Fibrinogen is a natural ligand for integrin αDβ2 and a common element of the ECM during inflammation. Markedly, CEP modification significantly improves the adhesive properties of fibrinogen to αDβ2-HEK293 transfected cells similar to the result, which was obtained for M1 macrophages (Figure 3B). Notably, it has been shown previously that cell adhesion to fibrinogen achieved maximum at fibrinogen concentration 2-3 µg/ml and is significantly reduced at higher concentrations (10, 36). The mechanism is not known but may depend on the surface-induced lateral aggregation of fibrinogen (37). This result demonstrated that CEP modification in different proteins provides a similar augmentation of cell adhesive properties.

To evaluate a difference in the binding of αDβ2 to CEP and fibrinogen, we isolated αDβ2 ligand-binding motif – I-domain (Figure 6C) and examined its binding properties using BioLayer Interferometry. CEP and fibrinogen were immobilized on amino coupling biosensors and tested with different concentrations of αD I-domain using two approaches such as kinetic titration (single cycle kinetics) (Figure 6D) and equilibrium analysis (steady-state analysis) (Figures 6E, F). The binding affinity was analyzed using DataAnalysis HT11.0 software (ForteBio). We found that the affinity of αD binding to CEP (KD=1.0x10-7M) is 2-fold stronger than the αD interaction with fibrinogen (KD=2.2x10-7).

Therefore, αDβ2 generates a more powerful adhesion to CEP-modified proteins due to a higher affinity mediated by a negative charge of a carboxyl group in CEP’s structure. This result suggests the unique role of CEP-modified ECM proteins in macrophage adhesion that generates strong αDβ2-dependent adhesion via CEP that can be critical for macrophage retention.

Discussion

In our previous project, we found that CEP, the product of DHA oxidation, is a ligand for integrins αMβ2 and αDβ2 (23). In the current study, we tested how the modification of the ECM proteins with CEP affects macrophage adhesion. Now we found that 1) Polyunsaturated fatty acid oxidation generates the formation of adducts between CEP and ECM proteins in vitro. 2) The development of atherosclerosis promotes a CEP formation in proteins within the atherosclerotic lesions. 3) Pro-inflammatory M1 macrophages demonstrate a stronger adhesion to CEP-modified proteins compared to natural ECM ligands. 4) M1 macrophage adhesion to CEP inhibits cell migration. 5) The adhesion of M1 macrophages to CEP-modified proteins is driven by integrin αDβ2.

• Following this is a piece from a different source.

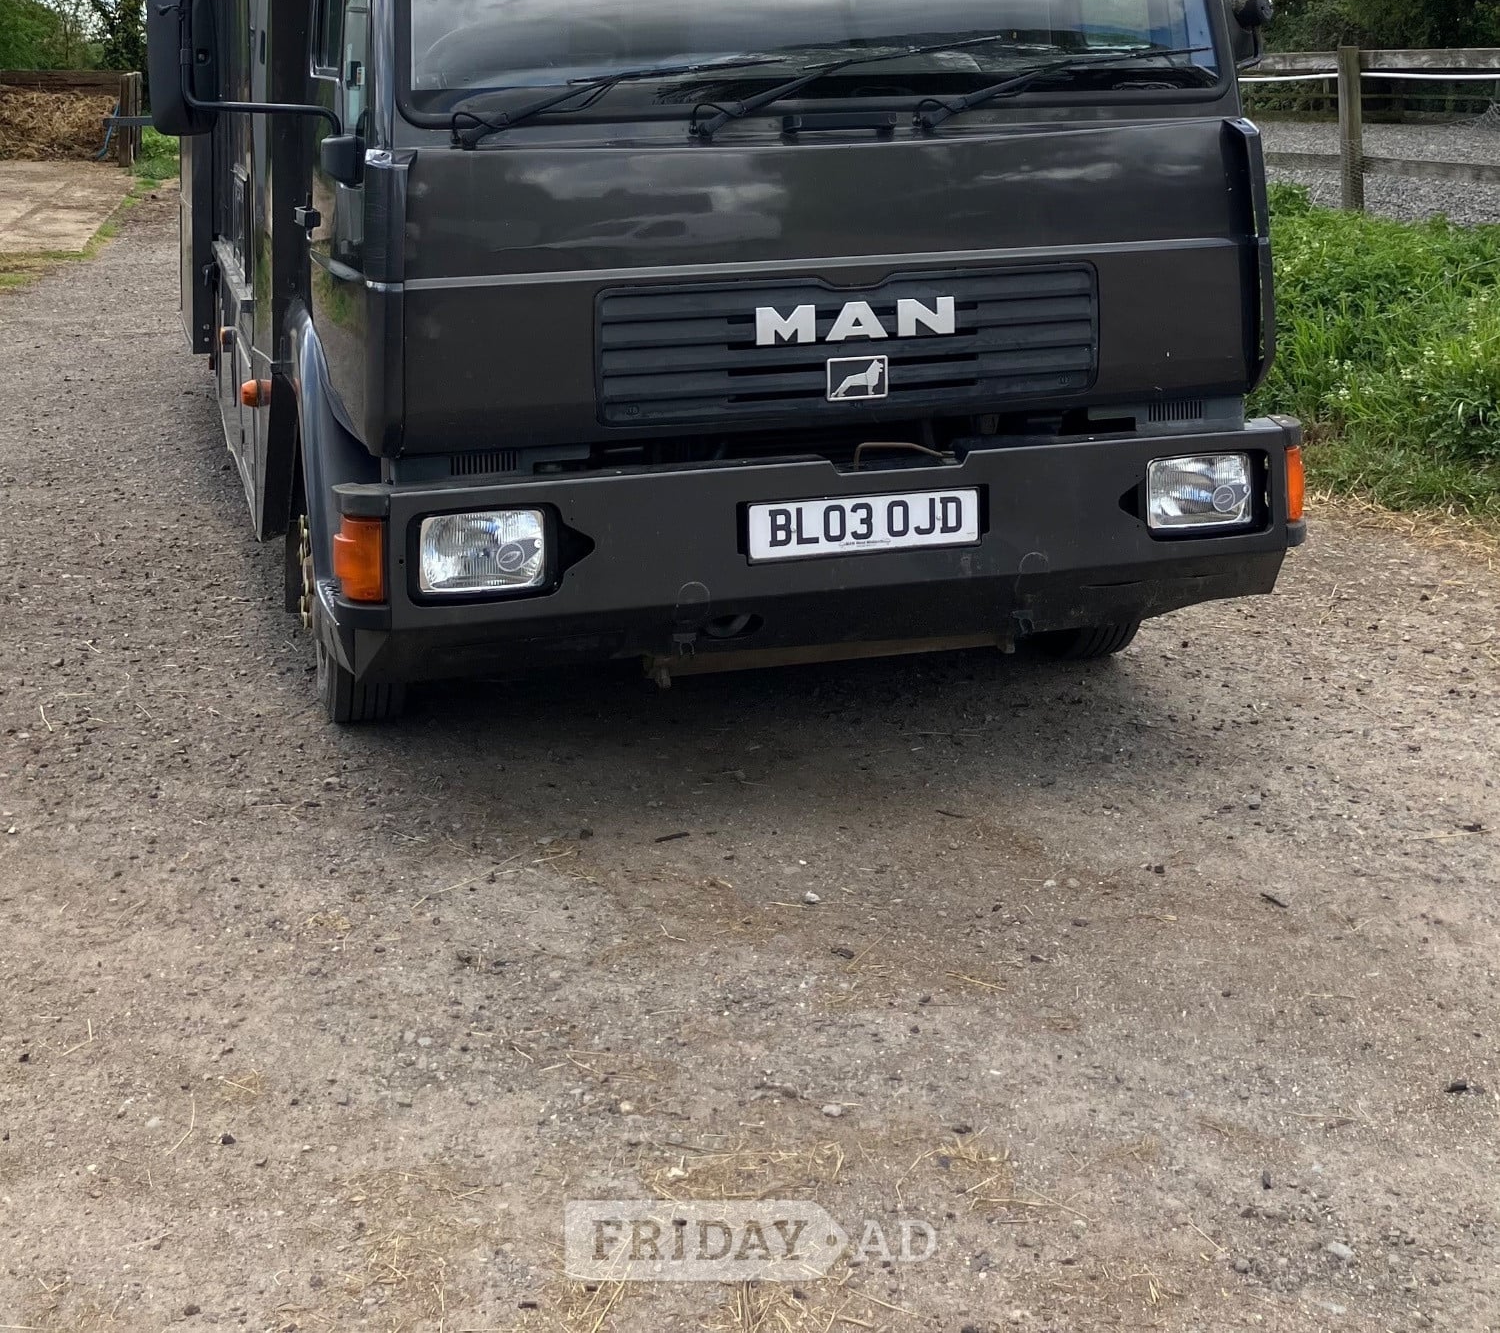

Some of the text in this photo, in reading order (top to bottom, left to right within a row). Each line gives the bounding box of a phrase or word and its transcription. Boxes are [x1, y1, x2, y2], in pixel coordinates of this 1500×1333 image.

[755, 296, 956, 346] MAN
[768, 496, 962, 548] BL03 OJD

The previous experiments using immunostaining with the anti-CEP antibody demonstrated the deposition of CEP in tissue during inflammation including myocardial infarction (38), peritoneal inflammation (23), atherosclerosis (38), and macular degeneration (32, 39). Our published data revealed that neutrophil-mediated oxidation led to the formation of CEP-fibrinogen and CEP-BSA adducts (23). We hypothesize that PUFA oxidation can lead to the modification of different ECM proteins that contain an exposed lysine on a protein’s surface. We do expect some limitations, which can depend on special tertiary structures, post-translational modifications, or cross-linkage through lysines. Our concern was primarily based on the absence of CEP adduct formation with the E-fragment of fibrin (23), which has a strong triple-coiled helix structure. (The triple-coiled helix is also a major component of laminin and collagen fibrils). In addition to a triple-coiled structure, collagens IV, V, and VI contain flexible globular domains, which are absent in collagens I and III (40). In our current experiments, we found that in vitro oxidation of DHA generates CEP-collagen IV adduct formation, while collagen I is not modified by CEP, which confirms our hypothesis regarding the potential role of the globular domains in CEP adducts formation.

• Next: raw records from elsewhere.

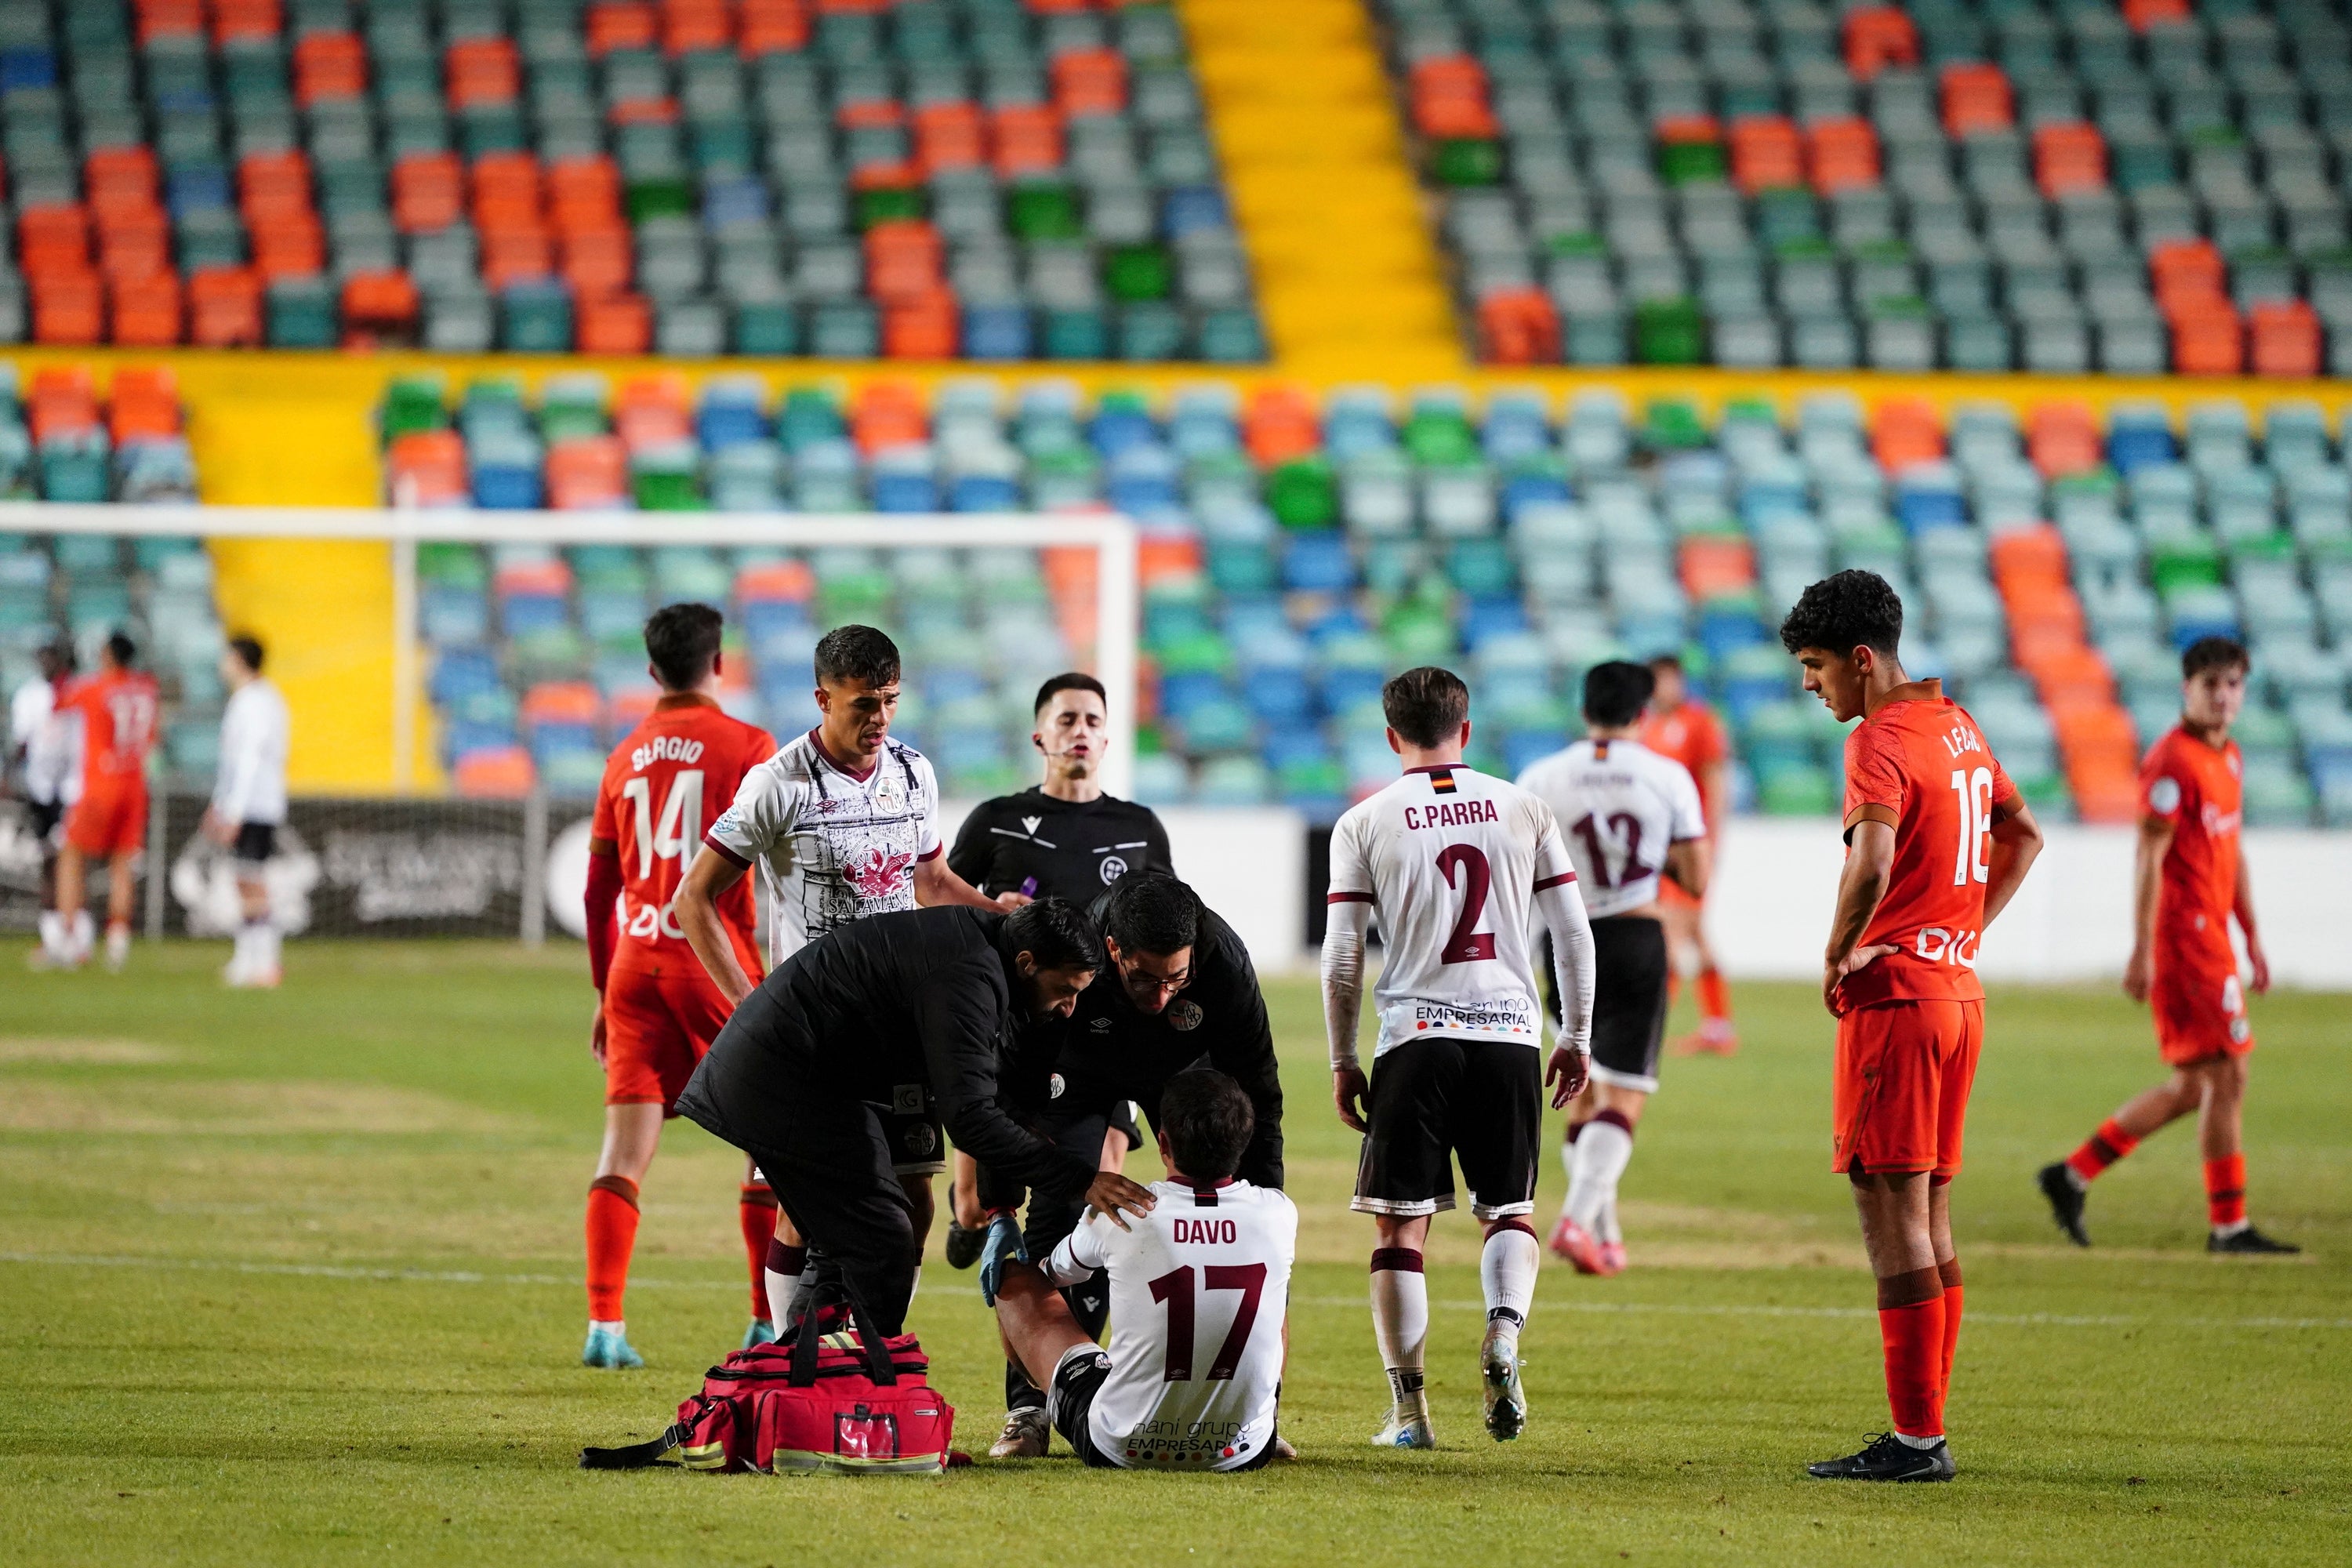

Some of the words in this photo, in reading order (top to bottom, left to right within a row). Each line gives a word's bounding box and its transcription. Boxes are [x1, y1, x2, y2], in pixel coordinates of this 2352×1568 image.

[622, 769, 705, 880] 14
[1405, 800, 1498, 830] C.PARRA
[1571, 812, 1653, 889] 12
[1436, 844, 1497, 964] 2
[1417, 1007, 1532, 1027] EMPRESARIAL
[1174, 1219, 1236, 1244] DAVO
[1148, 1262, 1267, 1381] 17
[1131, 1418, 1180, 1436] nani

Previously we demonstrated that non-activated peritoneal macrophages can bind CEP via αMβ2 and αDβ2. However, we did not compare the level of macrophage adhesion to natural adhesive ligands and CEP-modified ligands. Moreover, we did not test the effect of CEP modification on the adhesion and migration of M1 macrophages, which is critical for the development of inflammatory response. In this paper, we are particularly focused on integrin αDβ2 since it is upregulated on pro-inflammatory M1-like macrophages and our previous data demonstrated that the αD I-domain showed 5 folds stronger affinity to CEP compared to the αM I domain (23, 41). This difference most likely is mediated by clusters of positively charged amino acids on the surface of the αD I-domain. The increased binding activity to negatively charged ligands was described previously for integrin αXβ2 which has a significantly lower expression on macrophages but has a high level of homology with integrin αDβ2 (42).

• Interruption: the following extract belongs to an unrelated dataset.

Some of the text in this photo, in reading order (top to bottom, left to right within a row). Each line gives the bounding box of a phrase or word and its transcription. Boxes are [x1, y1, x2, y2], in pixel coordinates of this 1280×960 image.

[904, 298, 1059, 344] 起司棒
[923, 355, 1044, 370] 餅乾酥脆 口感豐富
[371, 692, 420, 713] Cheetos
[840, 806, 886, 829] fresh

In our previous project, we found that αDβ2 on the surface of pro-inflammatory M1 macrophages contributed to the retention of macrophages at the site of atherosclerotic lesions due to strong cell adhesion (12). It has been shown that αDβ2 is a multiligand protein that can bind to ICAM-3, VCAM-1, fibrinogen, fibronectin, and vitronectin (11). However, these proteins are cell surface receptors or plasma proteins, which are sporadic in the interstitium, while the major ECM proteins such as collagens and laminins do not support αDβ2 -mediated adhesion (26). This raises the question regarding the potential ECM ligands for αDβ2 -mediated macrophage retention. The modification of collagen IV and laminin with CEP (Figure 2C) demonstrates the protein modification in ECM and resolves this issue. This mechanism presents the formation of the universal ligand for αDβ2-mediated adhesion. Notably, in our previous project, we found that a carboxyl group in CEP’s structure is critical for integrin binding since another product of DHA oxidation, ethylpyrole, has a similar structure, but does not have a carboxyl group and loses the ability to interact with integrins αMβ2 and αDβ2 (23). Therefore, the positively charged lysines in different proteins can be modified with negatively charged CEP, which converts these proteins to the αDβ2-dependent substrate.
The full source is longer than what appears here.